Marine G SBS
Page 19
‘Was it on a river or the sea?’
‘It was both. It looked like a river but the water was salt.’
More questions failed to elicit any other useful information. As she travelled back to Wan Chai on the MRT Rosalie came to the reluctant conclusion that a trip across the border was her only way forward. Reading his interview with Immigration, she had been struck by Lin Chun’s obvious intelligence. And who knew, maybe he was also one of the human race’s more observant members.
Through the hours of morning, as the rain beat down out of a leaden sky, Cafell and Dubery took turns keeping watch on the port below. The coming of daylight had brought little activity, and not much changed in the hours thereafter. An occasional figure scurried between buildings, but the jetties remained empty, and no ship hove into view across the rain-swept sea.
They made notes of every movement, drawing lines on Cafell’s map like cricket scorers plotting the record of a batsman’s innings. It was boring, Cafell thought. Anticlimactic. Frustrating. If they’d only had the camcorder with them on their last visit . . .

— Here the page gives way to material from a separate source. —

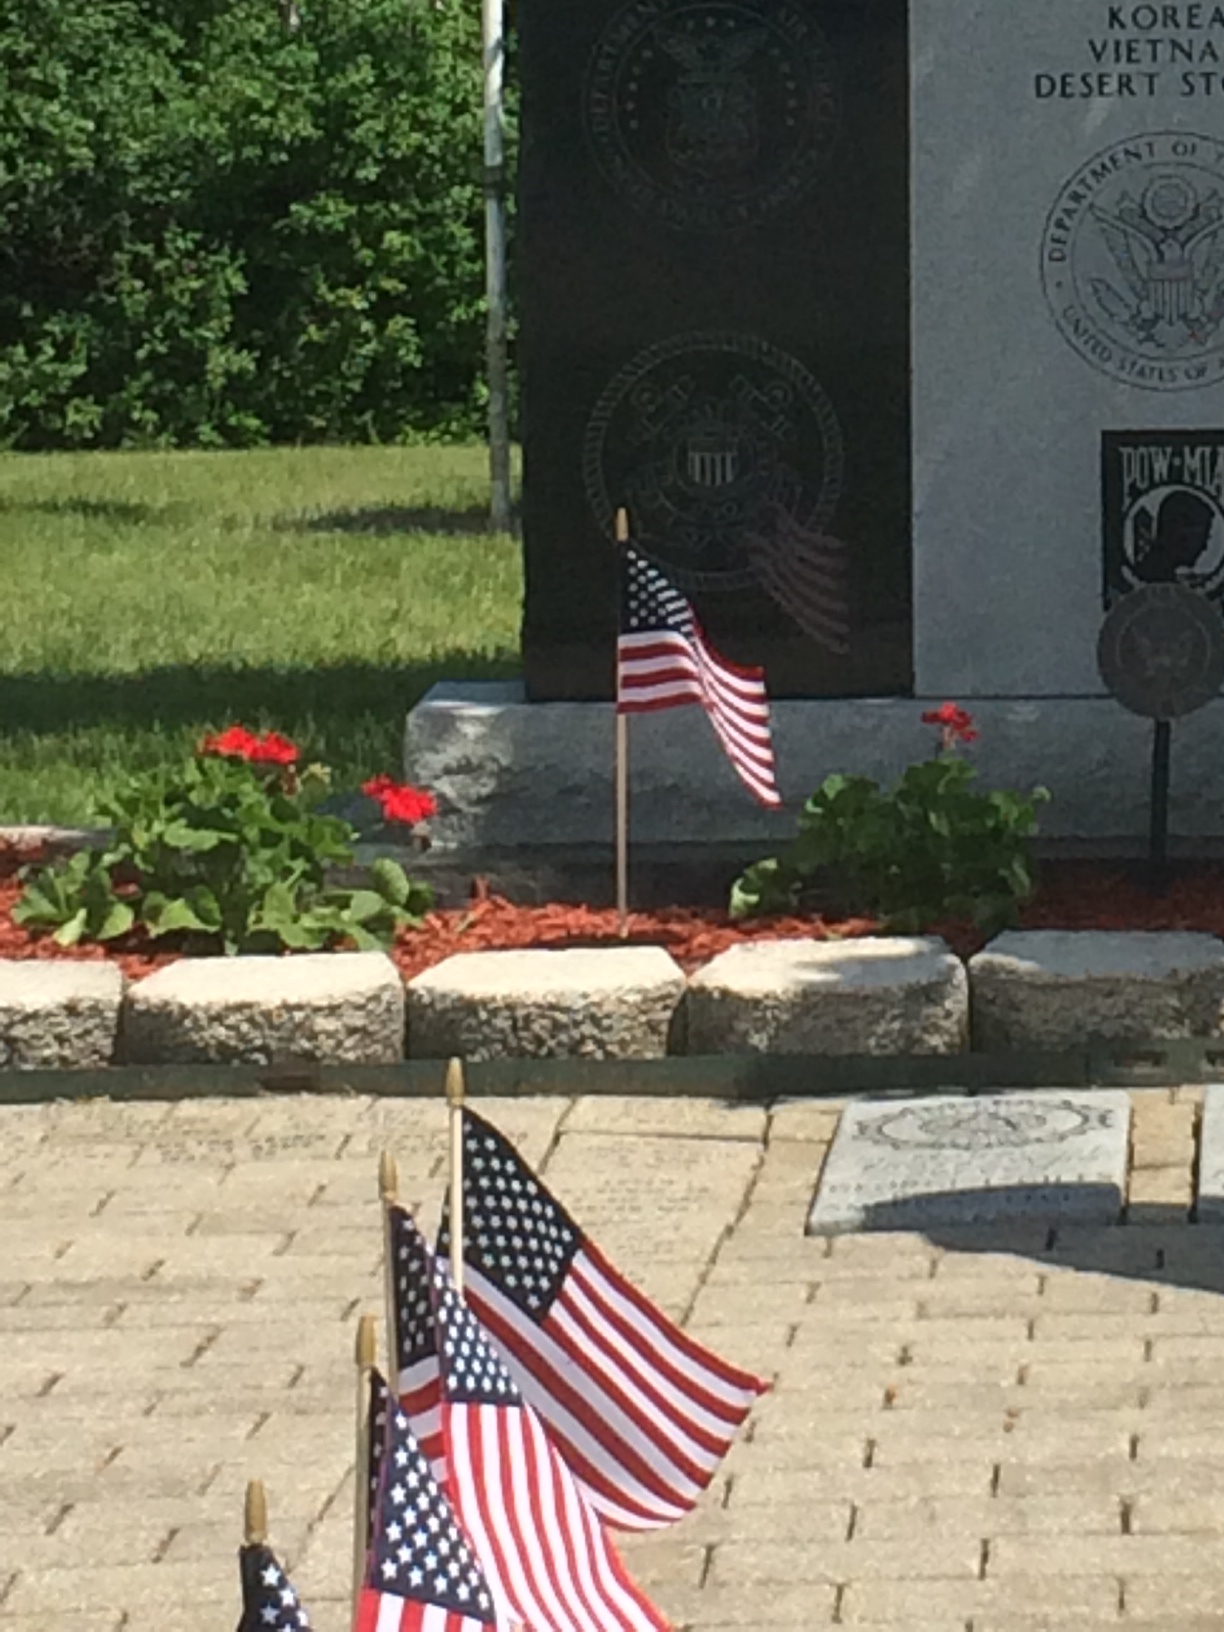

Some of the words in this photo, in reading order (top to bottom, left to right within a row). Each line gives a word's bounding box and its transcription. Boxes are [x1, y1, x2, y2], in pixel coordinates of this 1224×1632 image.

[1035, 72, 1160, 98] DESERT
[1048, 142, 1156, 263] DEPARTMENT
[1171, 141, 1197, 157] OF

Still, he supposed he should be happy. The chances of their being caught seemed about a million to one. The Chinese were apparently every bit as arrogant as everyone said they were – the possibility of intruders on their soil didn’t seem to have occurred to them.
At noon he woke Marker and Finn and told them the bad news. ‘There’s only about fifteen men down there. And one old woman, who washed the clothes you can see on that line.’ He pointed towards the palm grove beyond the line of cabins. ‘There’s a regular two-man patrol which leaves the building down there on the hour. They walk down to the end of the main jetty and back, come up to inspect the washing – or maybe the cabins – and then go back to where they started. I can’t imagine why they bother.’
‘People with things to guard always like security systems,’ Marker said, ‘but if they don’t really expect any intruders they can never work up the energy to care whether the system works or not. It’s classic.’ He smiled. ‘And very convenient.’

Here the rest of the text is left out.